Pasture-raised: There are no actual regulations on this kind of a claim. Generally, it means the hens are allowed to roam free on a farm pasture. 
USDA organic: This description is highly-regulated. It means the hens that laid the eggs were not living in cages, they did have some kind of outdoor access, and they were fed organic feed.
Some third-party organizations assess and award egg farms based on animal welfare guidelines. These include Certified Humane, American Humane Certified and Animal Welfare Approved.
Seeing other fancy descriptions on your egg cartons? They are just marketing terms and don’t mean anything specific about how the hens lived or how they were cared for.
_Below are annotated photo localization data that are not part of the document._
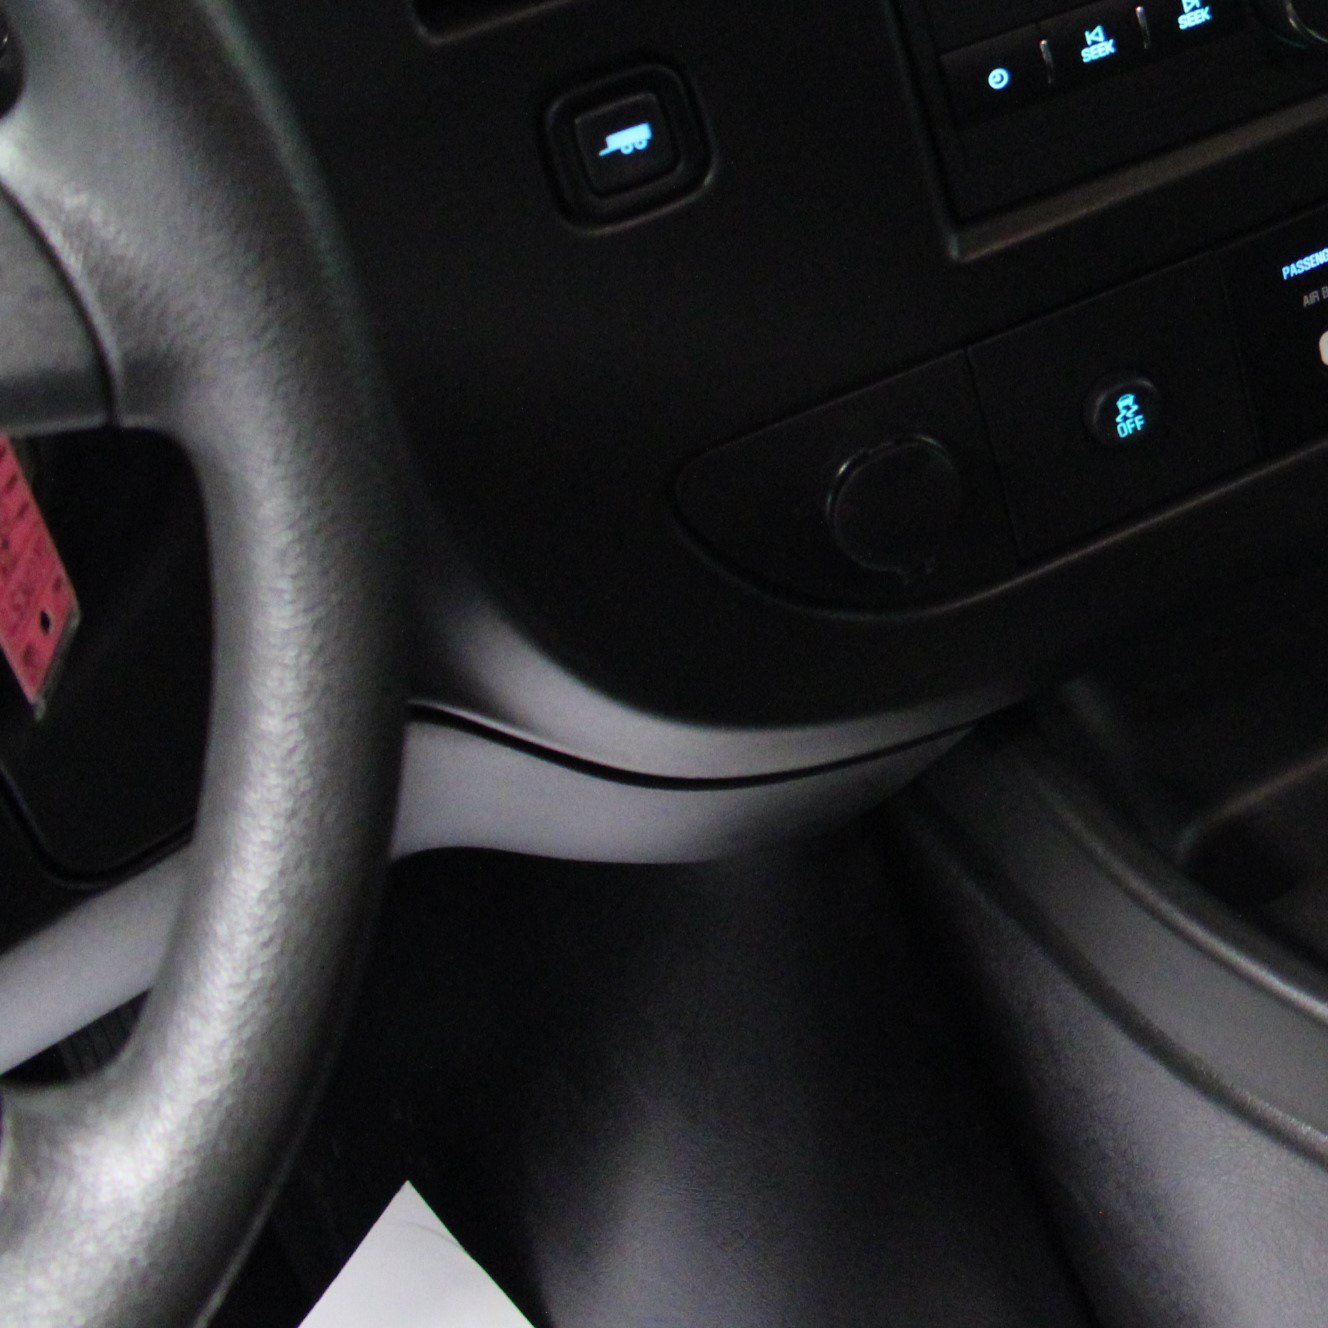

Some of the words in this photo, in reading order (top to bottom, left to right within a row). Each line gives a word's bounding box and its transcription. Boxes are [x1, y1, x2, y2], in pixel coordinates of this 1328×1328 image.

[1178, 6, 1211, 30] SEEK
[1080, 39, 1116, 63] SEEK
[1303, 290, 1320, 307] AIR
[1117, 414, 1144, 438] OFF
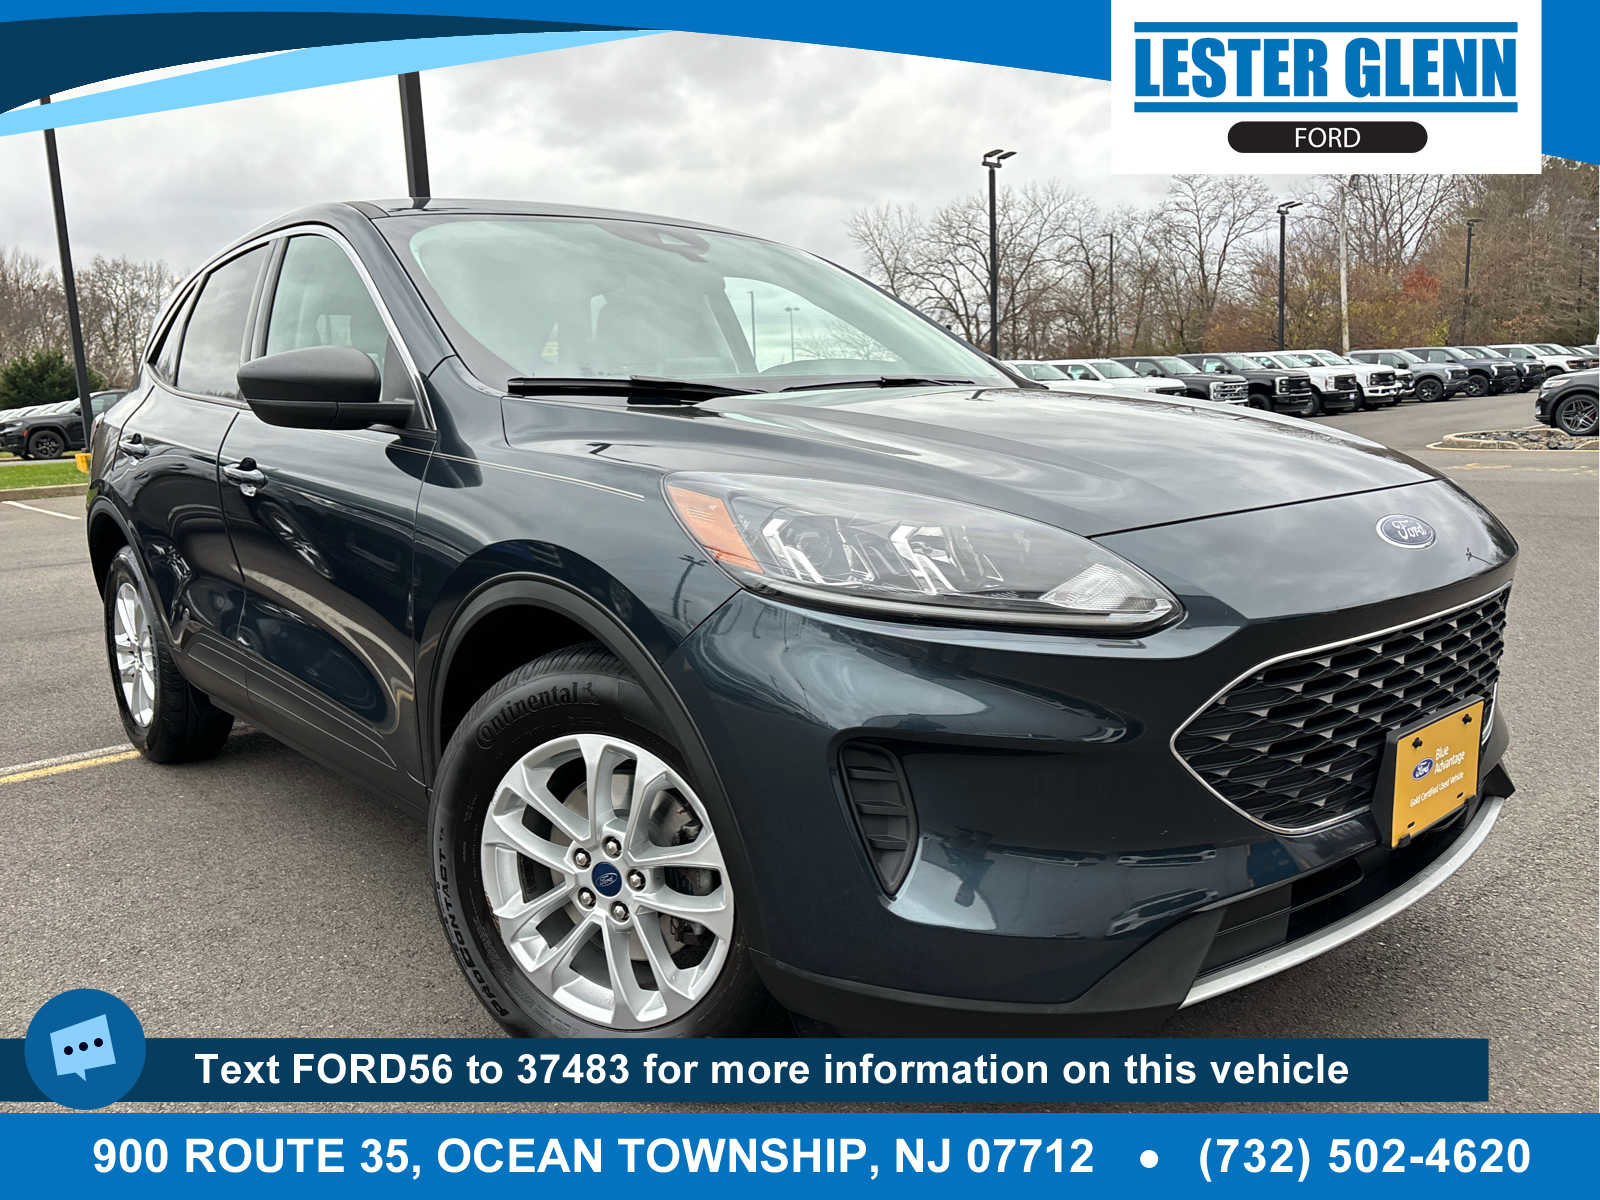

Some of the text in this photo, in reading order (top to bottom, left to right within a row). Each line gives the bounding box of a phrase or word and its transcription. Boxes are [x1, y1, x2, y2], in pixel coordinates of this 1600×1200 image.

[1391, 519, 1428, 540] Ford
[477, 682, 578, 750] Continental
[1434, 751, 1465, 775] Advantage
[1435, 746, 1449, 760] Blue
[1421, 783, 1439, 801] Certified
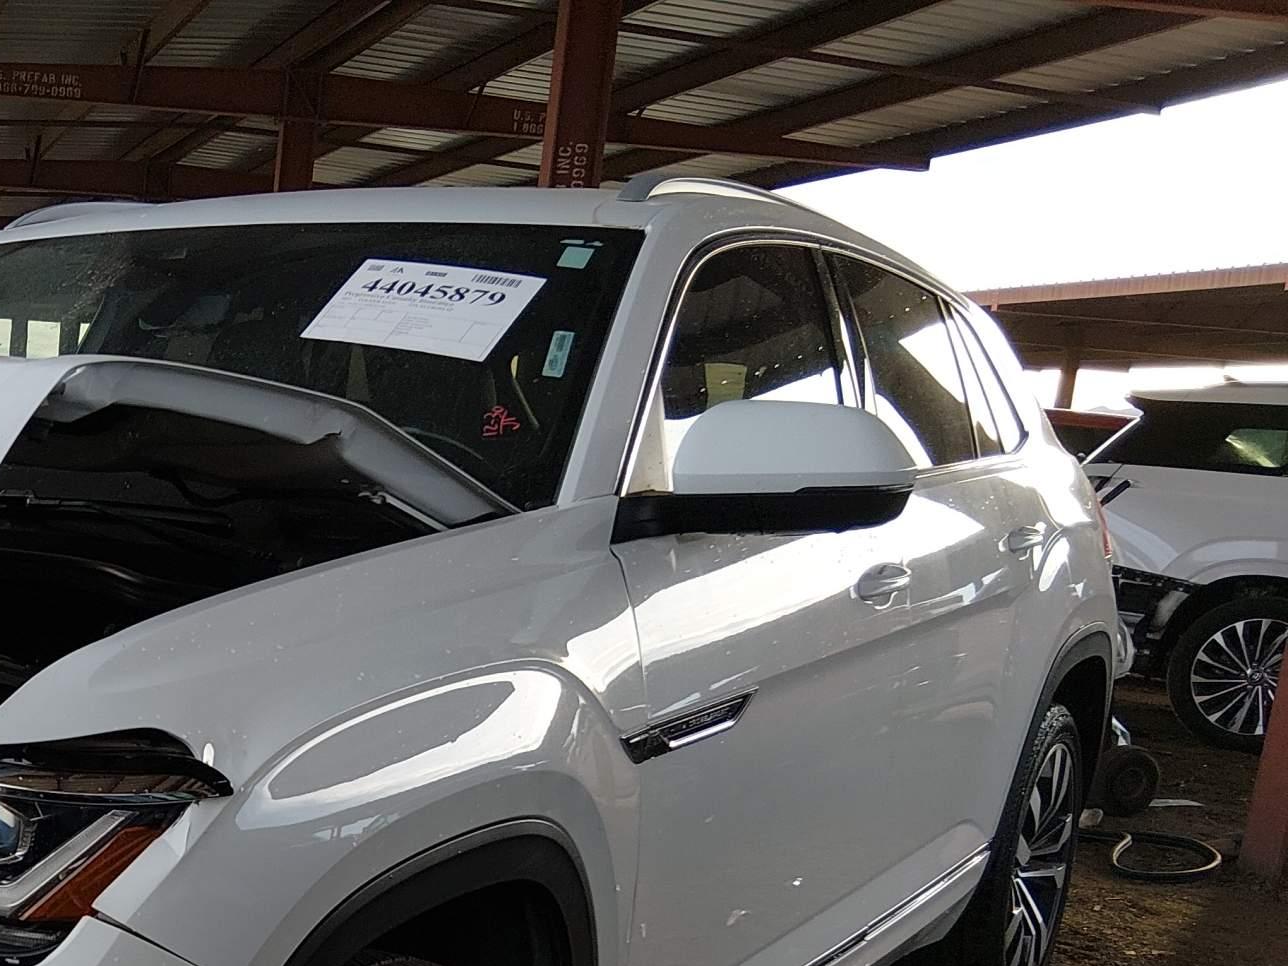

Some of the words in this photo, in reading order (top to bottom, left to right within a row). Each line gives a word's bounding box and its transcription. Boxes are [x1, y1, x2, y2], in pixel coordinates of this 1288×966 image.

[12, 70, 56, 84] PREFAB
[61, 74, 82, 87] INC.
[556, 141, 574, 175] INC.
[361, 277, 507, 307] 44045879
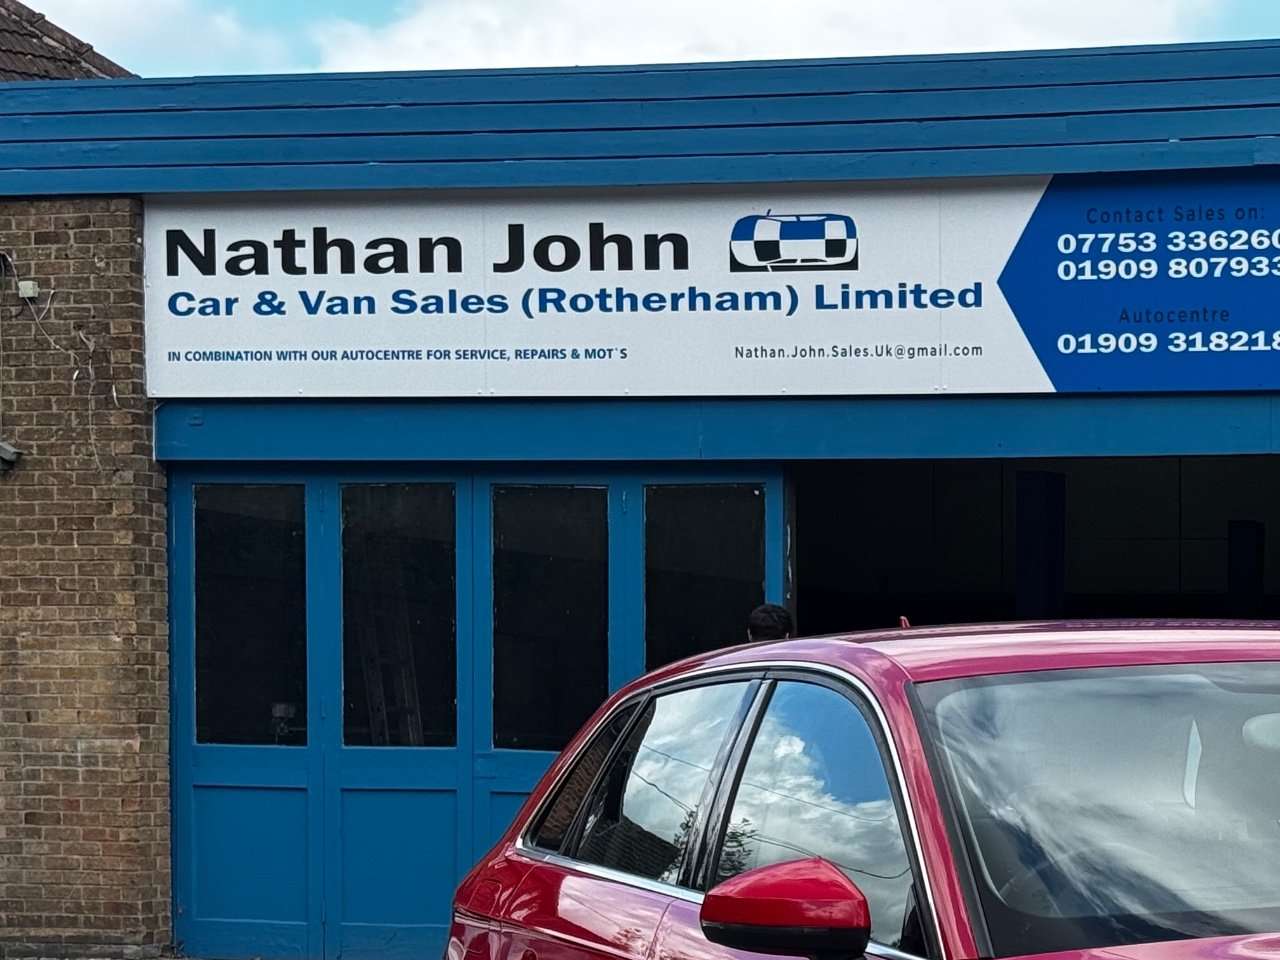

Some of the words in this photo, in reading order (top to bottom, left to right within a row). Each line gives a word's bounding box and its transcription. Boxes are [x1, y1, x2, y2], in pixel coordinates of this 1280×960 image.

[1086, 207, 1164, 224] Contact
[1173, 205, 1225, 222] Sales
[166, 227, 462, 276] Nathan
[493, 223, 688, 272] John
[1058, 232, 1156, 253] 07753
[1058, 259, 1157, 280] 01909
[168, 292, 238, 316] Car
[253, 291, 285, 315] &
[299, 291, 375, 315] Van
[391, 289, 508, 314] Sales
[522, 285, 798, 318] (Rotherham)
[816, 282, 982, 309] Limited
[1119, 307, 1230, 324] Autocentre
[736, 344, 982, 359] Nathan.John.Sales.Uk@gmail.com
[1058, 333, 1157, 353] 01909
[168, 352, 180, 361] IN
[185, 351, 272, 361] COMBINATION
[276, 351, 307, 360] WITH
[312, 351, 337, 360] OUR
[341, 350, 422, 360] AUTOCENTRE
[427, 350, 450, 360] FOR
[455, 350, 510, 360] SERVICE,
[515, 349, 566, 359] REPAIRS
[571, 349, 580, 359] &
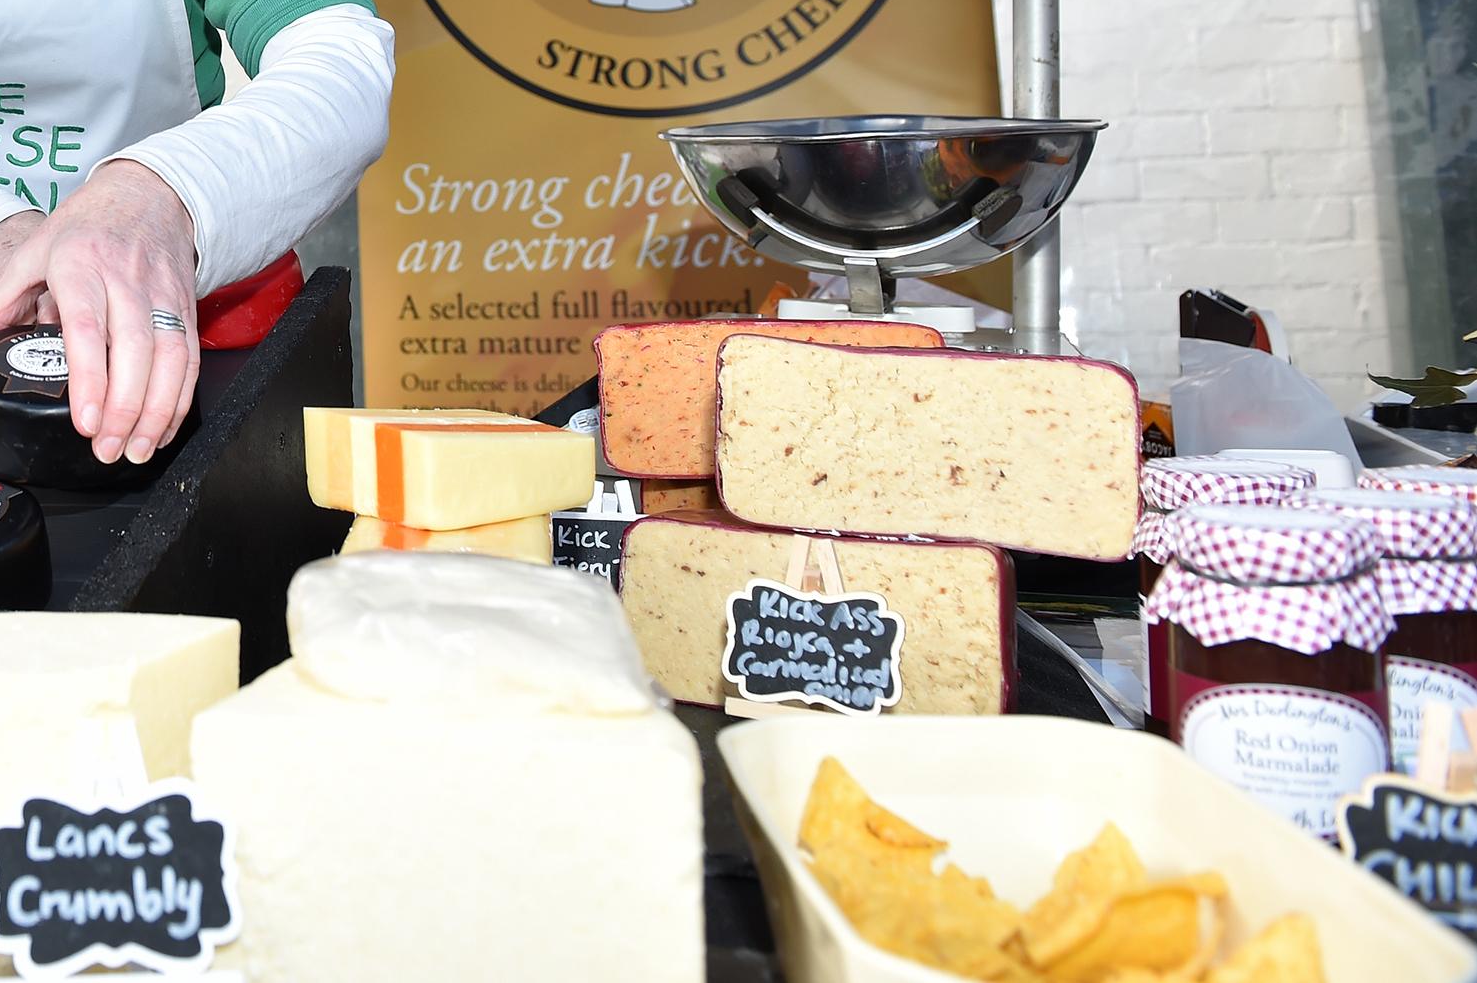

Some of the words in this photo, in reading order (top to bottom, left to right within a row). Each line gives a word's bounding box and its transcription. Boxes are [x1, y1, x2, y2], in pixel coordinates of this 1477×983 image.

[537, 37, 726, 91] STRONG
[396, 163, 570, 229] Strong
[397, 238, 463, 274] an
[483, 231, 616, 272] extra
[399, 296, 419, 319] A
[430, 292, 539, 320] selected
[552, 289, 599, 319] full
[612, 288, 752, 320] flavoured
[10, 332, 49, 343] BLACK
[400, 334, 466, 355] extra
[479, 332, 581, 355] mature
[401, 372, 441, 393] Our
[445, 373, 508, 393] cheese
[513, 374, 528, 393] is
[1140, 439, 1173, 456] JACOB
[558, 524, 610, 550] Kick
[1254, 699, 1353, 732] Darlington's
[1236, 728, 1273, 751] Red
[1279, 735, 1338, 755] Onion
[1235, 750, 1340, 774] Marmalade
[26, 816, 174, 861] Lancs
[7, 866, 203, 940] Crumbly
These marketing phrases include farm fresh, hormone-free and all natural.
These labeling terms and marketing descriptions are found on eggs sold in grocery stores. If you purchase eggs from your local farmer’s market, community supported agriculture (CSA) group, or a local farm, you can always ask the farmer directly about how the hens are raised, how much time they get to spend outside each day, and if they are fed organic feed. Most farmers who sell eggs welcome a chance to talk about their livestock and may even have some photos to show you of their hens.

Nutritional benefits

Eggs are a diet staple across much of the world. According to the American Egg Board, hen eggs are a nutrient-dense protein source with a long list of benefits. They’re an affordable food that can be a main dish or a side dish at any meal, with these nutrition highlights:
  • 70 calories per egg
  • 6 grams of protein per egg
  • Good source of essential nutrients
  • Can support improve eye health and brain function
  • Helps build muscle and improves muscle strength
  • Easily digested
So the next time you’re at the store, be a label decoder and pick the kind of eggs that match your preferences. Then all that’s left to do is whip up some amazing egg dishes.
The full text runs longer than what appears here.